A tool	Average running time	Output	The main user
Kiss Marlin	Up to ~8 hours	Report (dozens to 100 pages) + slides	Business strategy teams
An In-depth Study of OpenAI	~Minutes to tens of minutes	Text report cited	General and professional users
Preoccupation with In-depth Research	~A few minutes	Answer to the quoted text	Standard users
An In-depth Study of Google Gemini	~ Minutes	Text report cited	Standard users and the work environment

The trade-off is obvious. You wait longer and pay per run. In return you get an in-depth hypothesis test and a finished deliverable. You can cancel the run at any time, but the credits are still used.

The price

Sakana offers pay as you go with Pro, Team, and Enterprise tiers. Pay-as-you-go starts at 100 credits per run, at ¥98 per credit. Pro is ¥150,000 per month and includes 2,000 credits. The team is ¥400,000 per month and includes 6,000 credits. Custom business pricing, with dedicated support.

Use Cases, and Examples

Marlin allows for high-level questions where research is a bottleneck. Here are some concrete examples taken from its target works.
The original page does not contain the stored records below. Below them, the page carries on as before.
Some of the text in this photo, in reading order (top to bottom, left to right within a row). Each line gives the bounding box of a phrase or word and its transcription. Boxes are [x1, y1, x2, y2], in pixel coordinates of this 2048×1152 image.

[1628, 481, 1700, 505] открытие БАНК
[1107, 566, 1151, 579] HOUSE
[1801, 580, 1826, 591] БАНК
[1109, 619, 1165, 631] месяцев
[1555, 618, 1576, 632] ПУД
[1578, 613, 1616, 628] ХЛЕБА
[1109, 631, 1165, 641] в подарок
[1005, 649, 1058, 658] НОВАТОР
Entering the market: ‘Explore Japan’s stablecoin and tokenized payments market after regulatory change.’ Marlin outlines the drivers, risks, and options planned in the report.
Risk analysis: ‘Conditions for model correction of the Strait of Hormuz blockade.’ It compares ideas, not just summaries, before drawing conclusions.
Competitive analysis: Enter information on three competitors and rate our standings. Returns slides ready for strategy review.
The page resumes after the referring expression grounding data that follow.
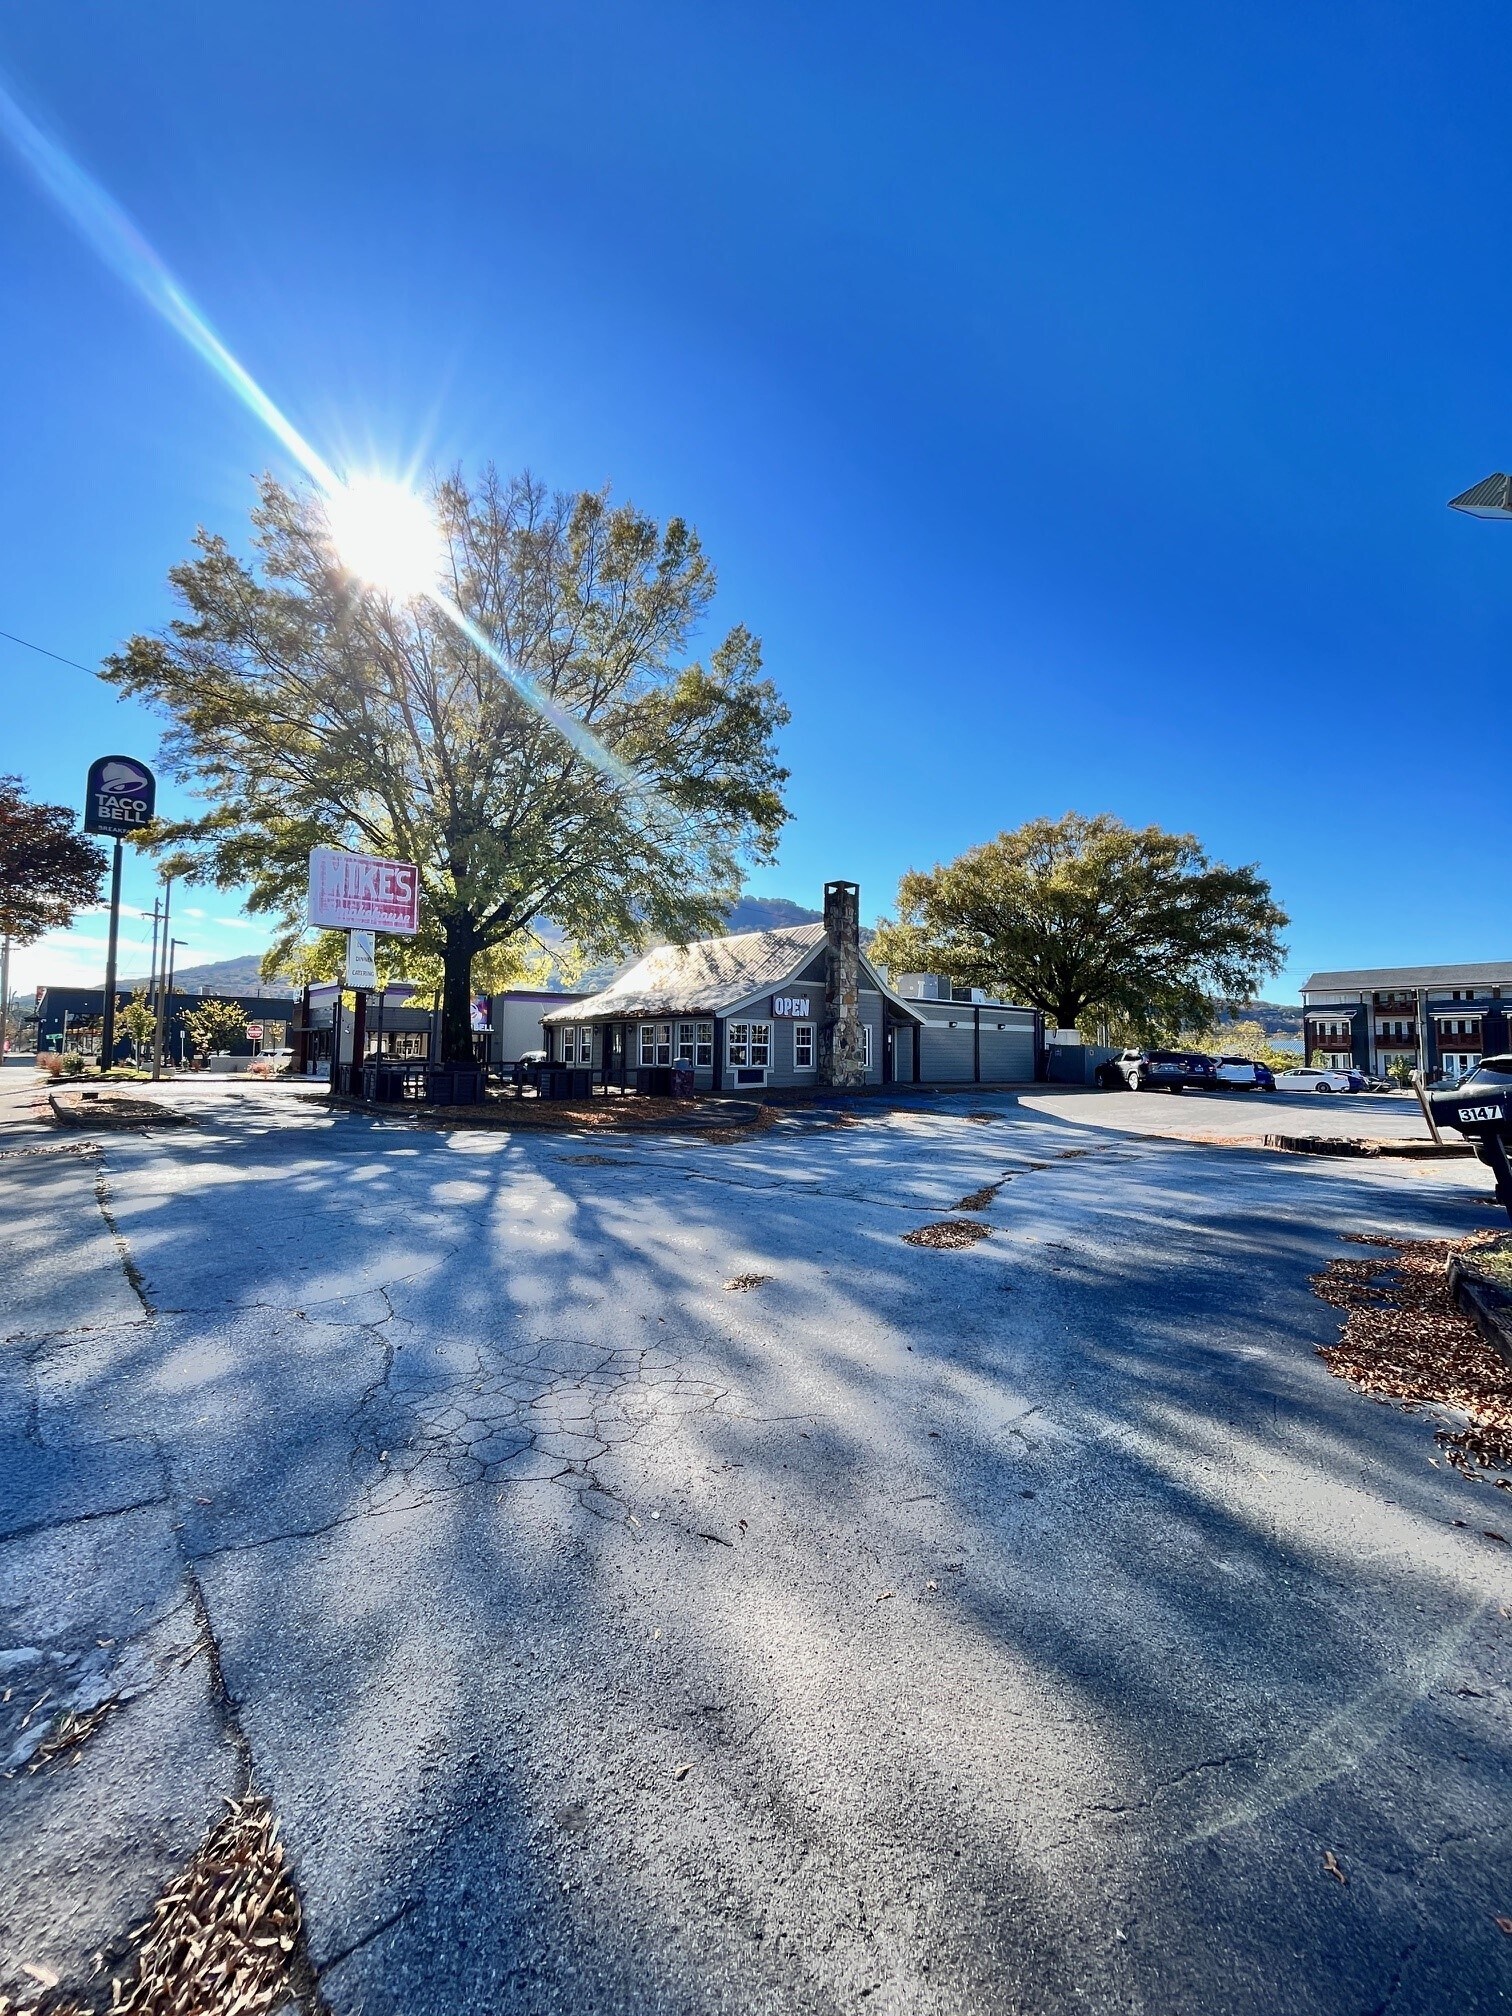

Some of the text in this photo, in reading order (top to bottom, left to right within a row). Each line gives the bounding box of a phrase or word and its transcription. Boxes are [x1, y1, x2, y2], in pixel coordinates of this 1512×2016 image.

[95, 794, 147, 811] TACO
[98, 806, 146, 823] BELL
[98, 825, 131, 834] BREAKFA
[323, 902, 411, 923] mokehouse
[775, 998, 810, 1016] OPEN
[1461, 1106, 1497, 1121] 3147
Each example is equivalent to one prompt and one unsupervised run. One still reviews the quoted output before any decision.

Try the Engine for yourself: TreeQuest

You can’t help yourself Marlin. But you can use its main algorithm today. Sakana open-sources AB-MCTS as TreeQuest under the Apache 2.0 license. Enter it, define a production job, and apply a fixed search budget.

import random
import treequest as tq

# Each node holds a user-defined state; score must be normalized to [0, 1].
def generate(parent_state):
    if parent_state is None:               # None means expand from the root
        new_state = "Initial draft"
    else:
        new_state = f"Refined: {parent_state}"
    score = random.random()                # swap this for an LLM-based score
    return new_state, score

algo = tq.ABMCTSA()                         # Adaptive Branching MCTS (variant A)
search_tree = algo.init_tree()

for _ in range(10):                         # generation budget of 10
    search_tree = algo.step(search_tree, {"generate": generate})

best_state, best_score = tq.top_k(search_tree, algo, k=1)[0]
print("BEST:", best_state, round(best_score, 3))

Replace the random points so that the LLM judge reproduces the original pattern. TreeQuest also posts multiple LLM searches and long-term assessments. Testing is important because long sessions can hit API errors in the middle.